I read this for the War Through the Generations blog challenge. Having studiously avoided most Vietnam War literature, I thought I could try one book written by a woman, about a woman. Okay, I tried it. It was good but it sure didn’t make me want to read more about that awful war.
The Man from Saigon is a novel about Susan Gifford, a reporter sent to Vietnam in the mid-1960’s by a women’s magazine to cover the “female angle” of the war. At first Susan spends her time following the nurses around the hospital but she quickly gets drawn into the larger aspects of the conflict and soon she’s going on patrols with the infantry, riding around in helicopters, and eventually being captured by a rogue band of Vietnamese soldiers. And who is the man from Saigon? He’s called Son, an enigmatic Vietnamese man who works as Susan’s photographer, translator, and guide, who is captured along with her, and who may or may not be working for the North Vietnamese. Susan and Son endure a harrowing march through the jungle before they are eventually rescued. The story is told in a combination of bloody realism and dreamlike flashbacks. Leimbach is a good writer and if you like this kind of thing, it’s an excellent book, complete with a gripping plot, interesting characters and lots of suspense. It just wasn’t for me.
I kept asking myself “why can I read so many books about World War II and can barely cope with the stress of this one Vietnam book?” I realized that much of what I read about World War II falls into the category of “home front” or “civilian” literature: stories (fiction and nonfiction) about regular people (not soldiers) whose lives were disrupted by the war, books about the resistance, books about the persecuted. Are there “home front” Vietnam books? The few that I’ve read keep the war at such arm’s length that they are almost not about the war at all but rather about the people who are decidedly NOT in the war. I’m thinking of In Country by Bobbie Ann Mason as one example. I have yet to find the Vietnam equivalent of a book like The Night Watch by Sarah Waters. Maybe it would have to be written in Vietnamese.
(Book 24, 2010)
6 comments:
Interesting observation about WW2 vs Vietnam lit. Could it also be that one was a just war (if such a thing is possible) and the other was so problematic? I do love Sarah Waters's writing, as you know. The Man from Saigon makes me think of the excellent but disturbing movie The Killing Fields, although a different country. I've heard good things about this novel but wasn't sure I could stomach it. If you love WW2 homefront, did you watch the PBS Foyle's War Series? It's as good as the best books.
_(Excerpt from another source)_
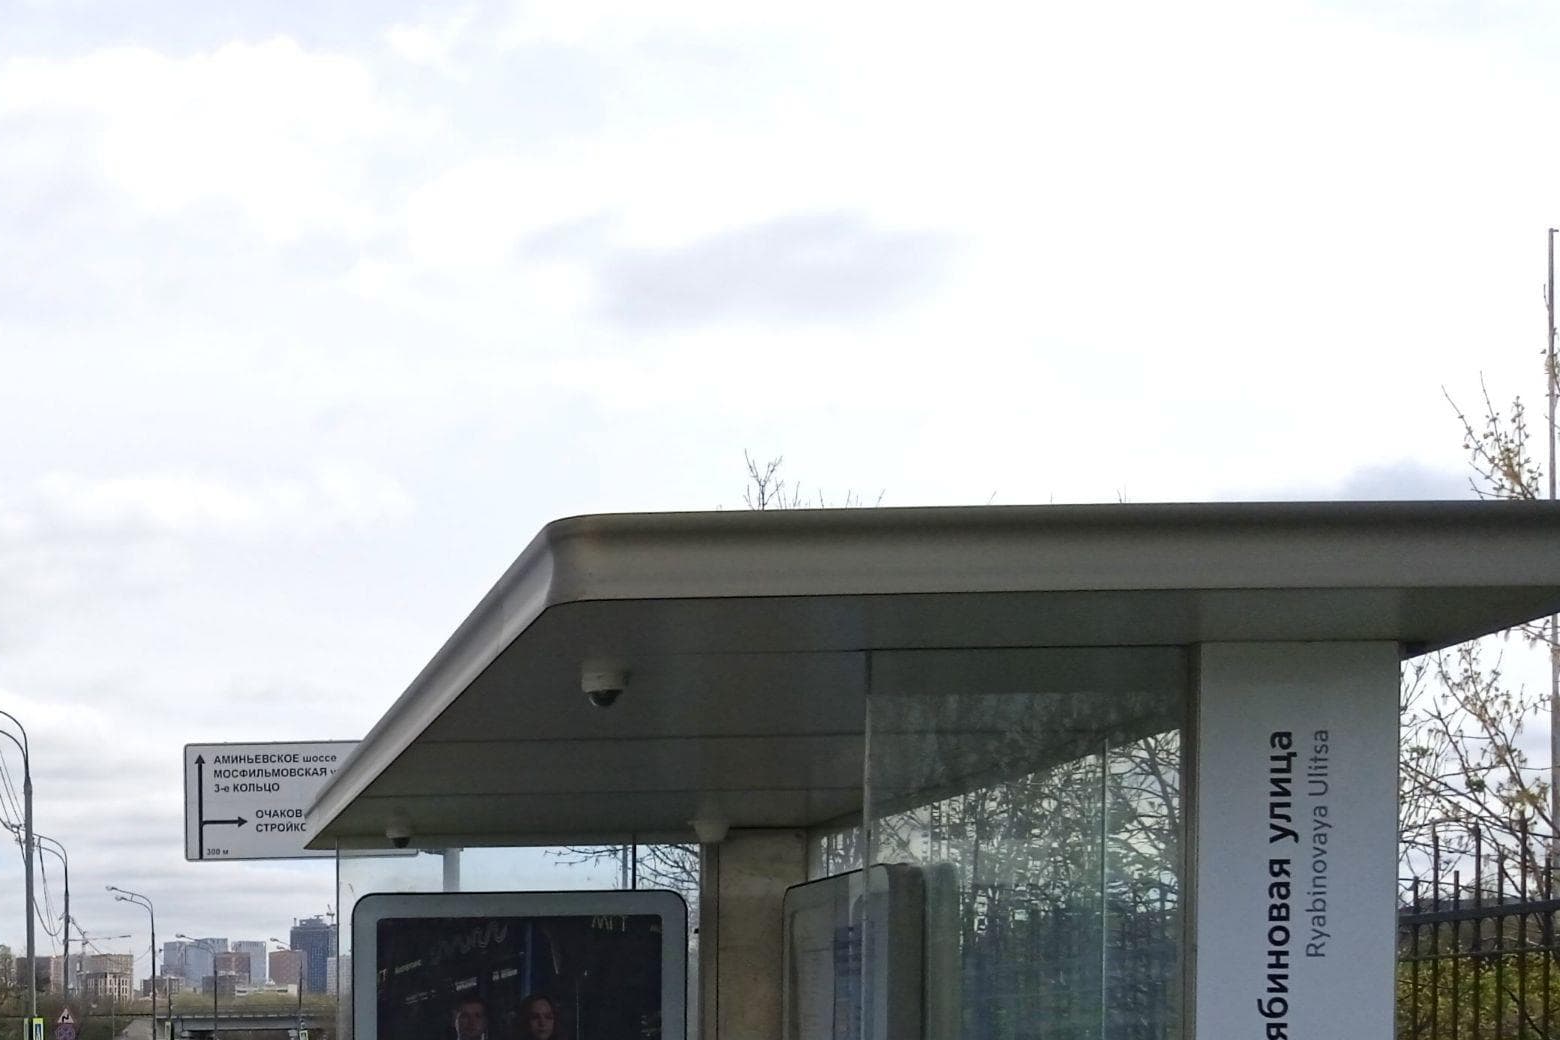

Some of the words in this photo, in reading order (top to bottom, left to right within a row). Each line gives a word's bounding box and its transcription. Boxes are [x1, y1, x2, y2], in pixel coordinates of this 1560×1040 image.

I am so glad you liked this book. I have it on my shelf and am intimidated by the subject, not sure if I am ready right now to pick up something super heavy. Glad to know that when I am, it will be good.
I have studiously avoided Vietnam books and movies, but I thought I might try to read some for this event when I first saw it in your links. Got a couple of books from the library but could not do it. Part of it is having lived through the war era and having so much of it burned in my brain as it was revealed on the nightly news and in the papers.
I did read two books about women in the Vietnam war that were excellent: "Home Before Morning" by Lynda Van Devanter and "A Piece of my Heart: The Stories of 26 American Women Who Served in Vietnam" by Keith Walker. Both books were reviewed in an article by Doug Bradley ( a Madison vet) in the State Journal in 1987, and I read them at that time.
Frankly, those books depressed me even further to realize how badly women were treated by US soldiers and top brass, and how little attention (medical or other) they got when they came home. Van Devanter died at age 55 in 2002 of Agent Orange-related illness, having spent her life working for women vets. The morning I open the NYTimes and saw her obit, I started to cry. Her story made such an indelible impression on me, I felt a visceral loss. That was pretty much the end of my Vietnam reading.
This sounds very much like The Lotus Eaters. Sorry to hear it didn't work for you. The home front during the Vietnam War was decidedly different from what it was in WWII.
Loved your reviews, so well written :) Adding you to my blogroll :)
I've noticed a difference between war books about WWII and Vietnam. It's hard to describe why the Vietnam books are so much harder to read. Well, the Holocaust books are disturbing, but the WWII books focusing on the soldiers just don't have the grittiness of the books written about soldiers during Vietnam.
We've posted your review here on War Through the Generations.